> _What the exercise asks_
Omit all pictures, then retype the data exactly as given.

> _Data shown_
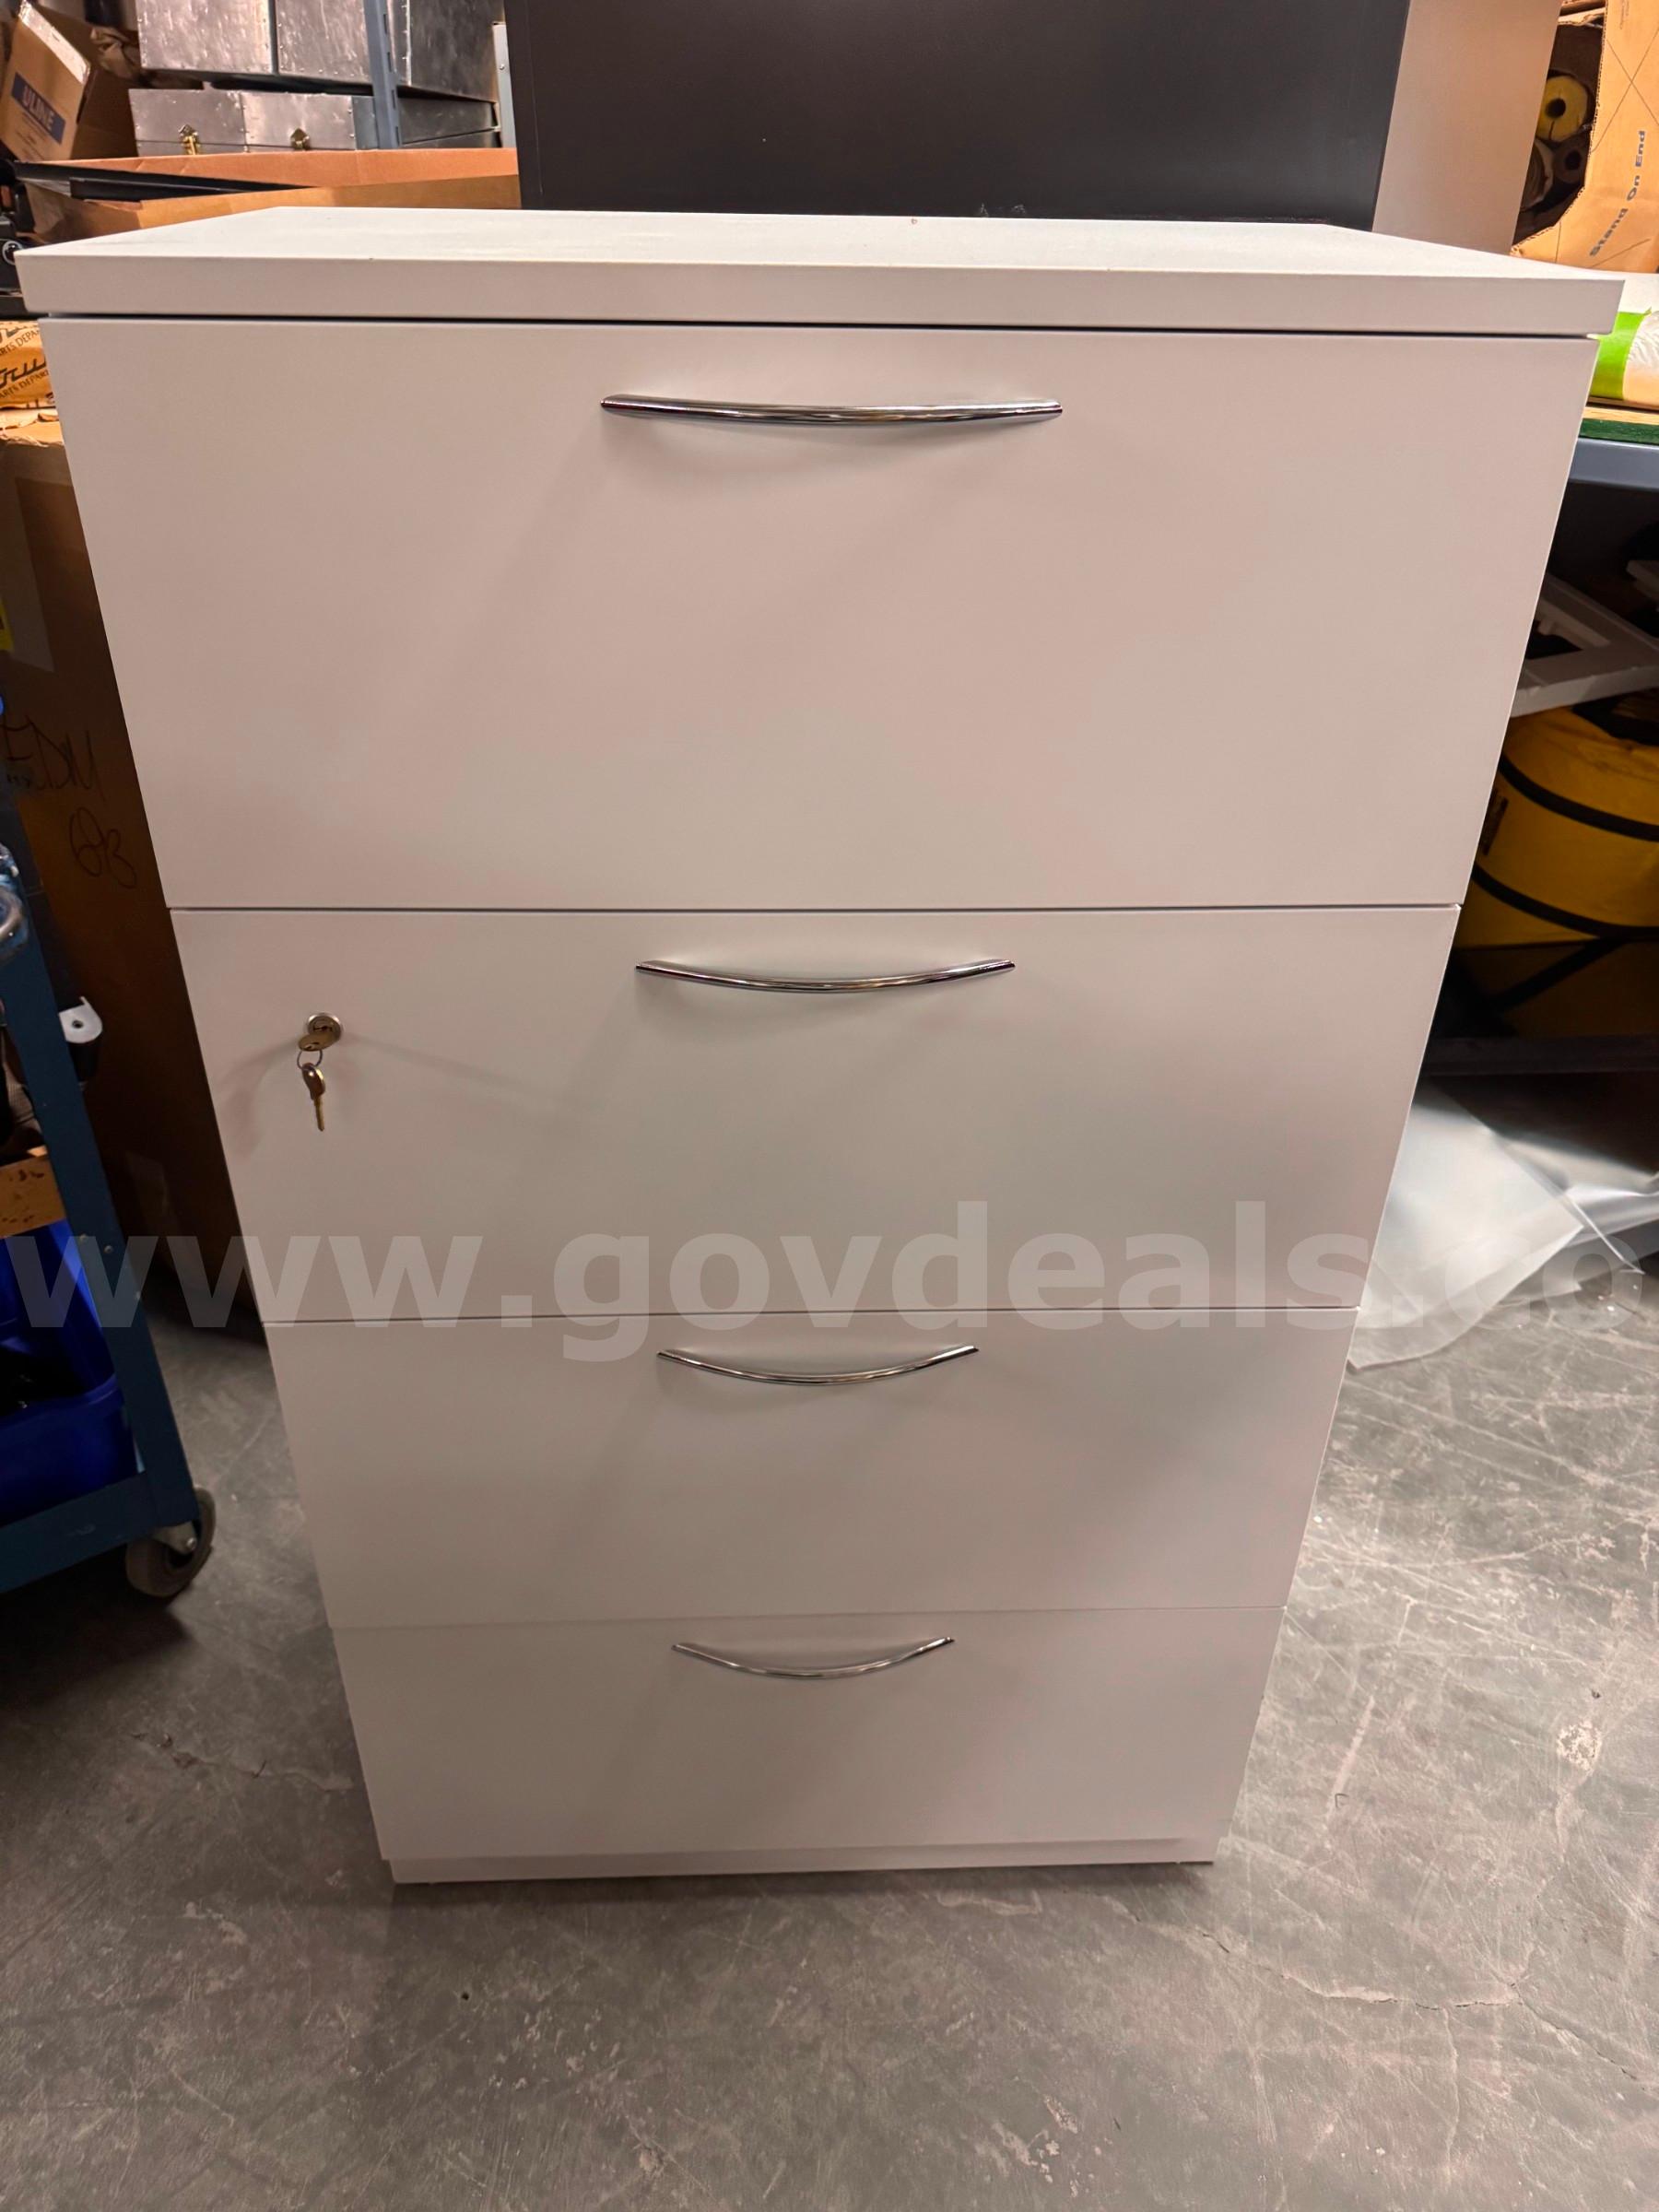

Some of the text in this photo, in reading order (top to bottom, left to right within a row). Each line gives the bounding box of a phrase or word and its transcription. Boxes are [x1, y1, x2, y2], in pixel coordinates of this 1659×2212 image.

[1589, 130, 1645, 257] Stand On End
[15, 330, 40, 347] DEPA
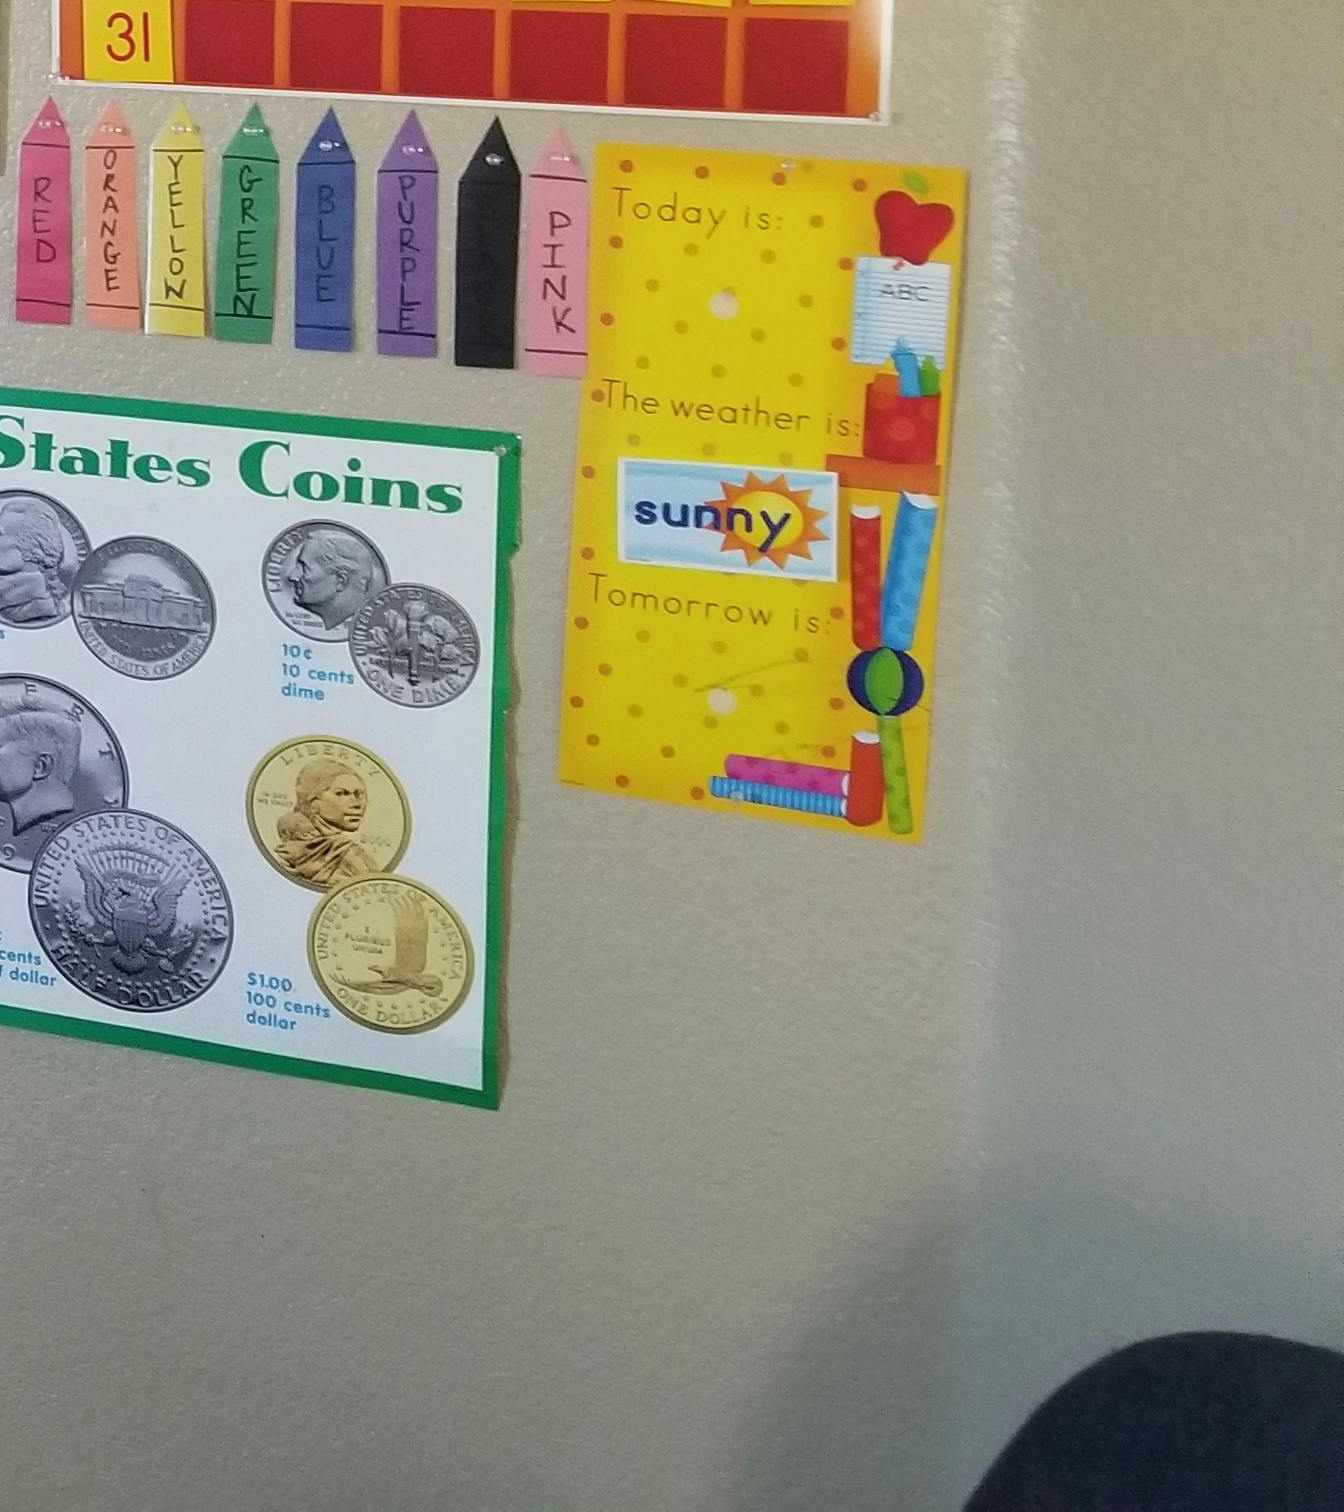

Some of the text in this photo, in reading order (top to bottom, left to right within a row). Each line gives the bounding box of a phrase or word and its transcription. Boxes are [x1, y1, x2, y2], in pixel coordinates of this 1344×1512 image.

[106, 12, 150, 62] 31
[33, 177, 56, 263] RED
[101, 150, 121, 291] ORANGE
[613, 188, 783, 237] Today is:
[234, 166, 261, 316] GREEN
[542, 212, 575, 333] PINK
[603, 379, 810, 432] The weather
[238, 439, 464, 515] Coins
[635, 496, 791, 553] sunny
[589, 573, 771, 626] Tomorrow
[281, 682, 325, 701] dime
[10, 967, 56, 987] dollar
[247, 973, 292, 991] $1.00

> _Answer space_
Some of the text in this photo, in reading order (top to bottom, left to right within a row). Each line gives the bounding box of a phrase or word and its transcription. Boxes are [x1, y1, x2, y2], in pixel coordinates of this 1659×2212 image.

[1589, 130, 1645, 257] Stand On End
[15, 330, 40, 347] DEPA

Some of the text in this photo, in reading order (top to bottom, left to right within a row). Each line gives the bounding box of a phrase or word and its transcription. Boxes are [x1, y1, x2, y2], in pixel coordinates of this 1344×1512 image.

[106, 12, 150, 62] 31
[33, 177, 56, 263] RED
[101, 150, 121, 291] ORANGE
[613, 188, 783, 237] Today is:
[234, 166, 261, 316] GREEN
[542, 212, 575, 333] PINK
[603, 379, 810, 432] The weather
[238, 439, 464, 515] Coins
[635, 496, 791, 553] sunny
[589, 573, 771, 626] Tomorrow
[281, 682, 325, 701] dime
[10, 967, 56, 987] dollar
[247, 973, 292, 991] $1.00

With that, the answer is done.